● **EXERCISE DETAILS**
Skip the images and print the listing exactly.

[Start of Attachment]

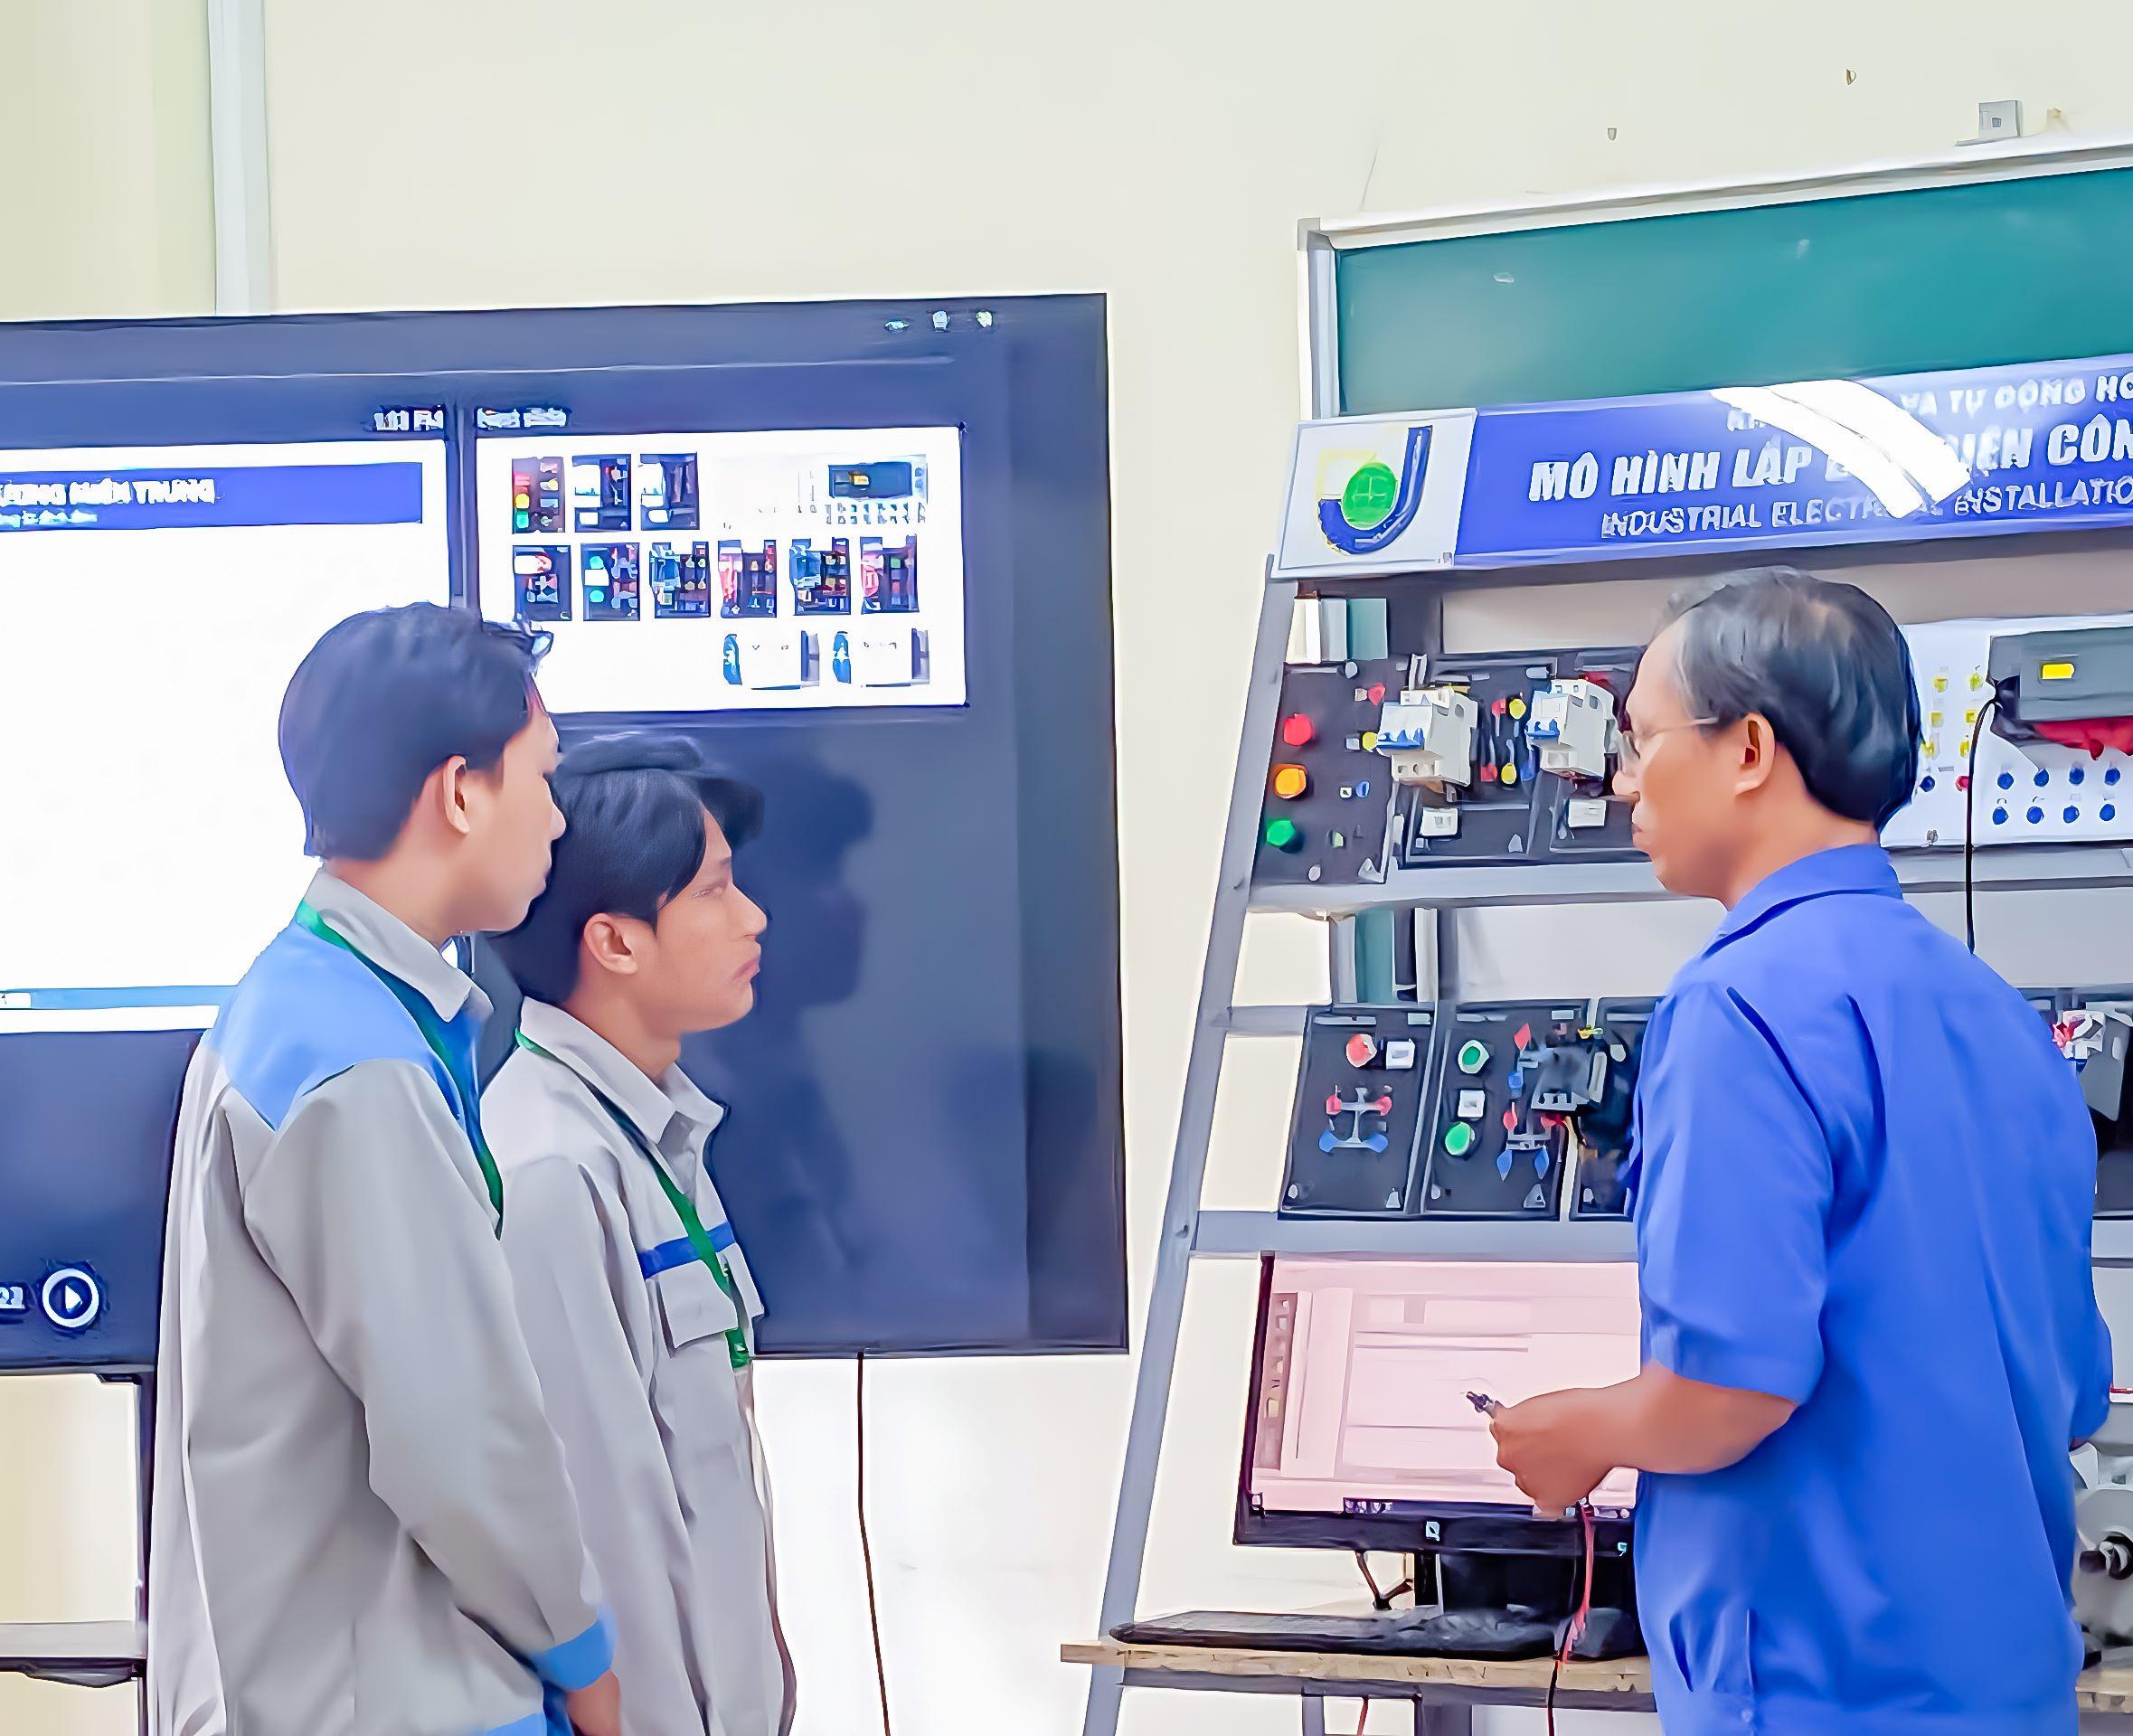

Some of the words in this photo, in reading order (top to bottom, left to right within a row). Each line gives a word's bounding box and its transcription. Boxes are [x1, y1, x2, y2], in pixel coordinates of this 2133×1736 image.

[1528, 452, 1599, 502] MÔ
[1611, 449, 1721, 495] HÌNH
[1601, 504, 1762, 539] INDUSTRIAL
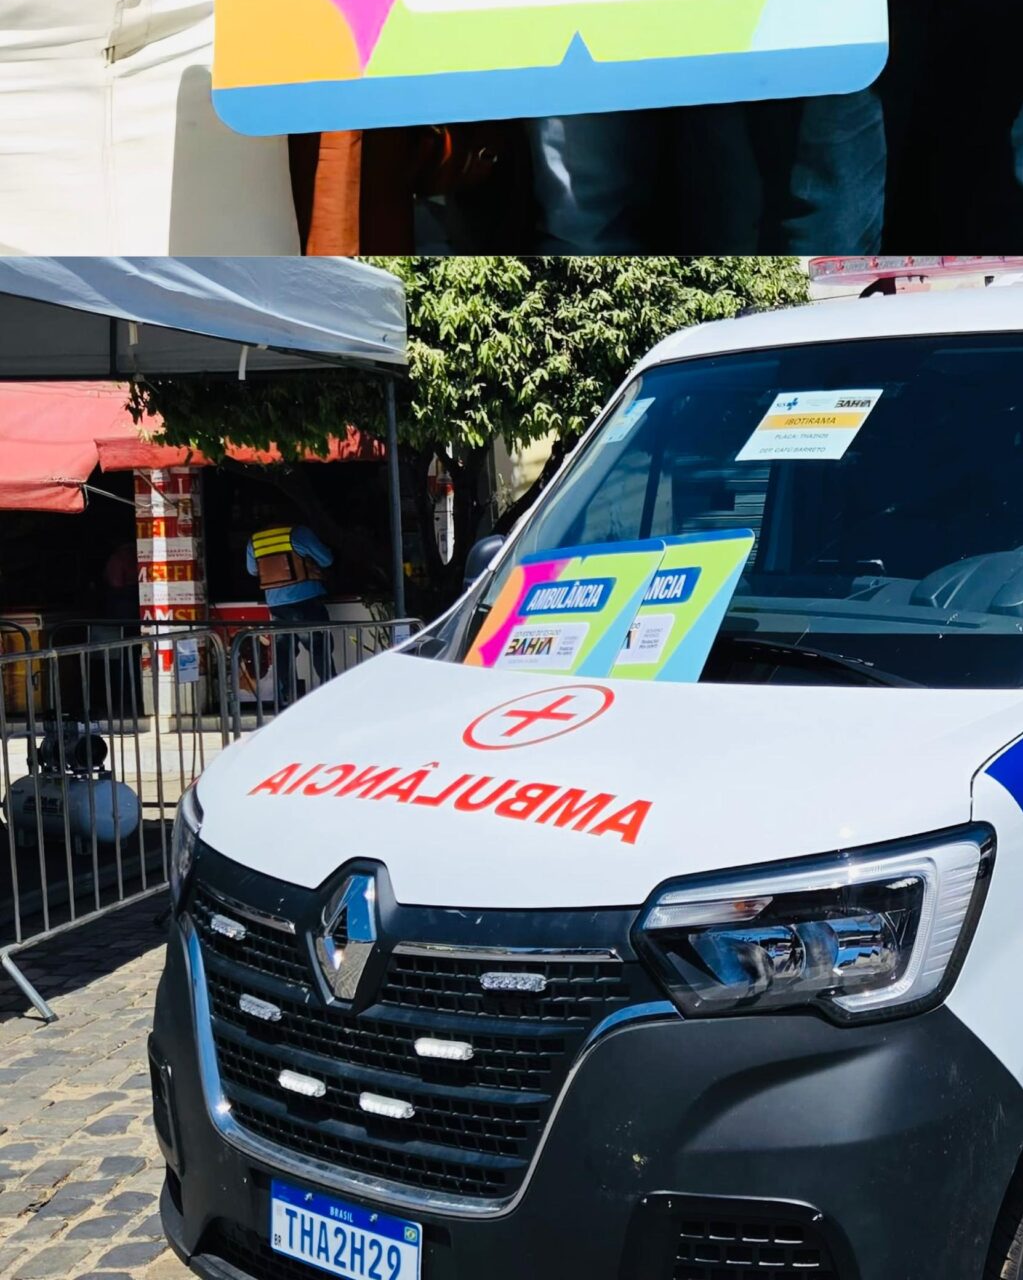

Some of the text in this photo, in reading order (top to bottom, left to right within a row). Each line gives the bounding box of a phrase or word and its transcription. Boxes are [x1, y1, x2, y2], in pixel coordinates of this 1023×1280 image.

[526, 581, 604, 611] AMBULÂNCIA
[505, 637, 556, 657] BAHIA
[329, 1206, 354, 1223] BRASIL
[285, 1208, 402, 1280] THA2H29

[End of Attachment]

● **EXERCISE RESPONSE**
Some of the words in this photo, in reading order (top to bottom, left to right within a row). Each line gives a word's bounding box and its transcription. Boxes are [x1, y1, x2, y2], in pixel coordinates of this 2133×1736 image.

[1528, 452, 1599, 502] MÔ
[1611, 449, 1721, 495] HÌNH
[1601, 504, 1762, 539] INDUSTRIAL

Some of the text in this photo, in reading order (top to bottom, left to right within a row). Each line gives the bounding box of a phrase or word and its transcription. Boxes are [x1, y1, x2, y2], in pixel coordinates of this 1023×1280 image.

[526, 581, 604, 611] AMBULÂNCIA
[505, 637, 556, 657] BAHIA
[329, 1206, 354, 1223] BRASIL
[285, 1208, 402, 1280] THA2H29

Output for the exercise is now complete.